Lady Science presented a process paper at the 2016 meeting of Midwest Junto for the History of Science at the University of Oklahoma. Junto is a small, informal conference for historians of science, technology and medicine who don’t live near either coast, and a great place for grad students to test out material before submitting to the large disciplinary conferences.
Instead of presenting original research, like we did at PCA/ACA, we talked about the nuts and bolts of running Lady Science, what we’ve learned about writing women’s history, and doing history in public. We gave a brief description of the publication and its components and noted some of our growth milestones over the last year. We discussed our style and content standards, and talked about the importance of being a generalist when writing for the public.

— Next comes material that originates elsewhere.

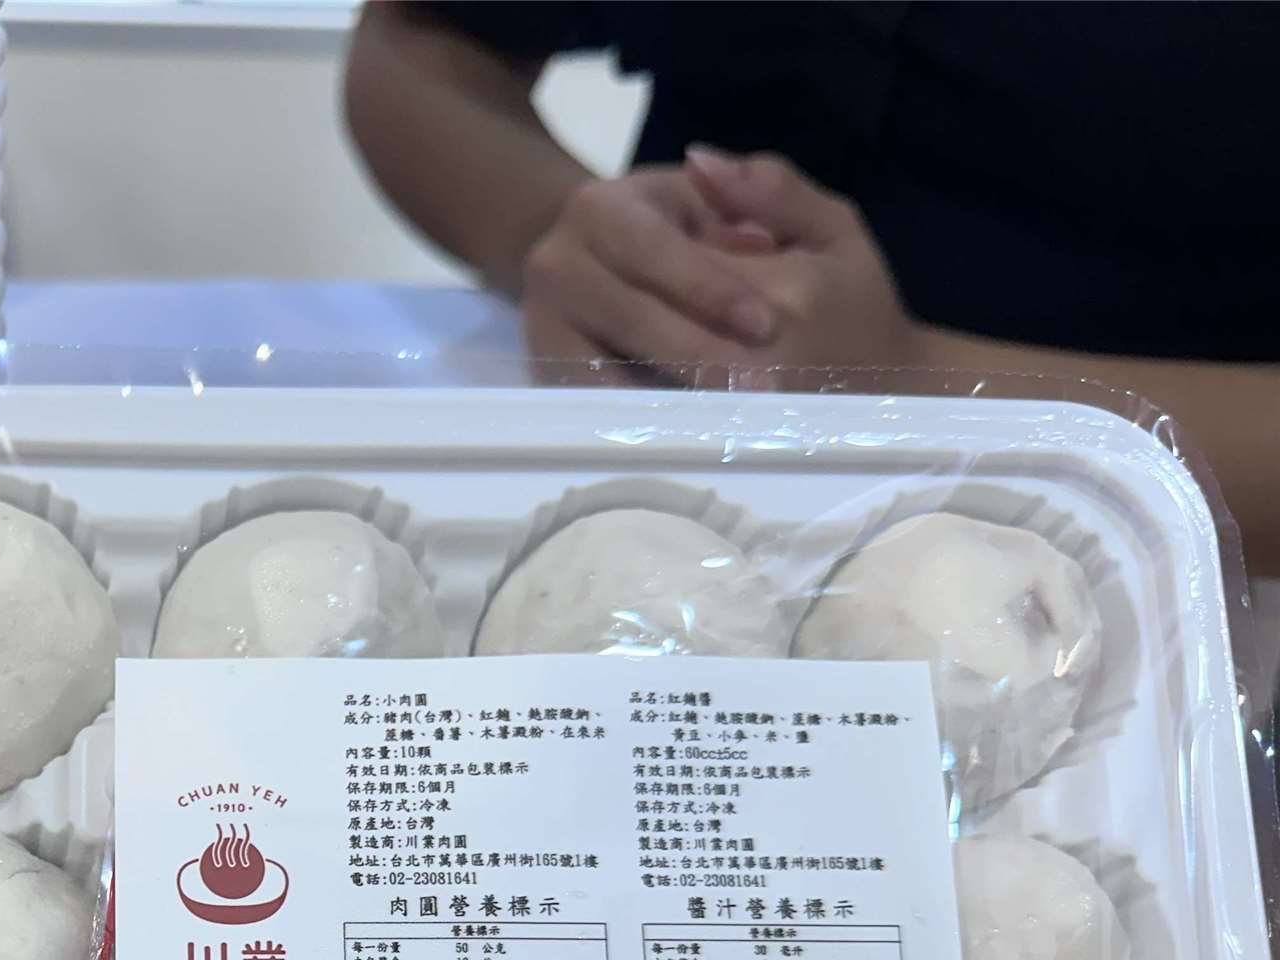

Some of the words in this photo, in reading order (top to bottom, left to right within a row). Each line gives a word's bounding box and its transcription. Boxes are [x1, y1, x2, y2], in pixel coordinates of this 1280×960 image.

One reason we chose to do a process paper instead of original research was to talk about our experiences as women, writing about women, on the open web. Many of our academic colleagues were surprised and dismayed to hear that we have received harassment on social media related to our work. Both of us have been trolled and harassed, received gendered insults and threats of violence, and we were even (falsely) accused of “railroading” Tim Hunt. We believe it is important to talk openly about the dark side of writing on the web, especially now that we see how many of our academic colleagues are unaware of it. We do the same kind of feminist criticism that you will find in academic journals, but our public platform makes us much more vulnerable to harassment.
As with PCA/ACA we made an effort at Junto to distribute postcards and zines to keep our name and project fresh in attendees’ minds. This strategy gave us a noticeable bump in subscribers and anthology downloads after PCA/ACA.
In general we received a lot of support and good feedback, amidst a little bit of confusion. Presenters at Junto are usually giving traditional research papers, so this is perhaps understandable. Both of our mentors were able to attend and offered excellent feedback and suggestions. We bonded with the representatives from The Linda Hall Library, who are both excellent and interesting (and interested in us!).
Upon reflection, we’re still not sure what makes (IRL) people uncomfortable about this work. We assume a good portion of it comes from our criticism of academic publishing, which is of course the lifeblood of most of the audience we spoke to at Junto. We didn’t get any questions or responses that indicated discomfort with either our unapologetic feminist and activist politics or….you know, the gender stuff.